[Stored data entries]
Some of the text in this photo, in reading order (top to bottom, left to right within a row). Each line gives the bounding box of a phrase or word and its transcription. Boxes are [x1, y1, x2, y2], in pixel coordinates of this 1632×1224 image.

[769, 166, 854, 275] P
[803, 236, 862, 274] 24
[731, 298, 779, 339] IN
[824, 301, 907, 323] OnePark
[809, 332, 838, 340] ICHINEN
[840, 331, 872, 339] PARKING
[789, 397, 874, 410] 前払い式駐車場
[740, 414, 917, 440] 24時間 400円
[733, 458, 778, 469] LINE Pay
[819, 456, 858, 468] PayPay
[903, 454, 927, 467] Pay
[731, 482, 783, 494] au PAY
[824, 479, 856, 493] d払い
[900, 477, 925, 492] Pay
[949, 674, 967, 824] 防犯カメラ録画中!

■ Aim of the task ■
Your reply must contain each entry, reproduced exactly.

■ Exercise result ■
Some of the text in this photo, in reading order (top to bottom, left to right within a row). Each line gives the bounding box of a phrase or word and its transcription. Boxes are [x1, y1, x2, y2], in pixel coordinates of this 1632×1224 image.

[769, 166, 854, 275] P
[803, 236, 862, 274] 24
[731, 298, 779, 339] IN
[824, 301, 907, 323] OnePark
[809, 332, 838, 340] ICHINEN
[840, 331, 872, 339] PARKING
[789, 397, 874, 410] 前払い式駐車場
[740, 414, 917, 440] 24時間 400円
[733, 458, 778, 469] LINE Pay
[819, 456, 858, 468] PayPay
[903, 454, 927, 467] Pay
[731, 482, 783, 494] au PAY
[824, 479, 856, 493] d払い
[900, 477, 925, 492] Pay
[949, 674, 967, 824] 防犯カメラ録画中!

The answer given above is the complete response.